Traditionally, DRC has involved relatively simple geometric measurements of physical features that are very close to each other. In 32-nm designs, however, many issues can only be understood by evaluating the influence of many geometries at relatively greater distances. Traditional rule-based DRC is very flexible and fast to run but is relegated to simpler issues. Simulators can handle specific complex issues but are not as flexible and are CPU intensive. So there is a gap in the solution space between these two. 

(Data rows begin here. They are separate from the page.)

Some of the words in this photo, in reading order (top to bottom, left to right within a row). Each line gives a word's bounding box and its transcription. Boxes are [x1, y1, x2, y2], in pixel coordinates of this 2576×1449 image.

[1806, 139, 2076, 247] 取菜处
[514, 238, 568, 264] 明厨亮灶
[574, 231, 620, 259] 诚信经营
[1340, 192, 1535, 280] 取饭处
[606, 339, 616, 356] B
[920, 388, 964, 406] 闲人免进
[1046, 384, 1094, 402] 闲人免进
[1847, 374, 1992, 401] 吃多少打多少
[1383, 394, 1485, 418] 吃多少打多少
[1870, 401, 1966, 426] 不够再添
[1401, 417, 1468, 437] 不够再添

Major foundries now require that their customers meet some DFM requirements, such as lithographic and planarity checking and compensation. At previous nodes, DRC/DFM closure involved significant processing after the design phase was completed. However, because the layout is largely fixed at that point, designers are severely limited in what changes can be made without causing unacceptable changes to the timing, SI, or power profiles. For example, adding metal fill or pushing wire edges to meet lithography requirements can cause degradation to timing and SI as the parasitic interactions change. 

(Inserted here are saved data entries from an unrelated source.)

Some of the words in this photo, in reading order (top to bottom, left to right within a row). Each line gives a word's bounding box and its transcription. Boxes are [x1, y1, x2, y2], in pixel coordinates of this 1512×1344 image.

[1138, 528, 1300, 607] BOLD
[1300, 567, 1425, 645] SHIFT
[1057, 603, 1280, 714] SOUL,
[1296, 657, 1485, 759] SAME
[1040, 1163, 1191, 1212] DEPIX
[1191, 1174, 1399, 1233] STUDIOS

The common work-around to this disconnect between design and sign-off is to build in larger timing margins, but the hit to the IC’s performance with this approach is unacceptable because it discounts the advantage of going to the next node in the first place.

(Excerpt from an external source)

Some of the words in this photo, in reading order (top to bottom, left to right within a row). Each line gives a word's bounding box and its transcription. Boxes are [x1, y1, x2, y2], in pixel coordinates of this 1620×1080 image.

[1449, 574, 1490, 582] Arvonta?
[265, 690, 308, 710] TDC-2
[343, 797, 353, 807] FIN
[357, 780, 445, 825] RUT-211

Disconnect Between Design and Physical Sign-off 

When manufacturing fixes require more extensive changes to the layout, designers must perform time-consuming iterations between sign-off analysis, manual editing, and engineering change order (ECO) routing. This can introduce even more, and unexpected, violations that lead to lost performance, poor manufacturability, and declines in productivity as design teams chase non-convergent fixes for conflicting design metrics.

The sign-off ECO iterations also involve transfers of huge data files between implementation and verification tools. Not only is there significant time required to write and read data files in the order of hundreds of gigabytes, but potential errors in the process introduce even more risk into the iterations.

These factors point to a major disconnect between the design and sign-off stages, which could become even more problematic as designers incorporate advanced lithographical techniques, such as pattern decomposition for double patterning, at the 22-nm node. The growing problem with manufacturing design closure should be addressed starting in design implementation, well before the traditional sign-off verification stage. 

A Better Flow for 32-nm Manufacturing Closure

Addressing the gap between design and sign-off demands improvements through a robust, evolutionary advancement in tool capabilities. The ability to capture manufacturing behaviors during design implementation would allow designers to analyze and optimize the impact of layout changes in context of one another in an efficient, automated fashion throughout design and sign-off. 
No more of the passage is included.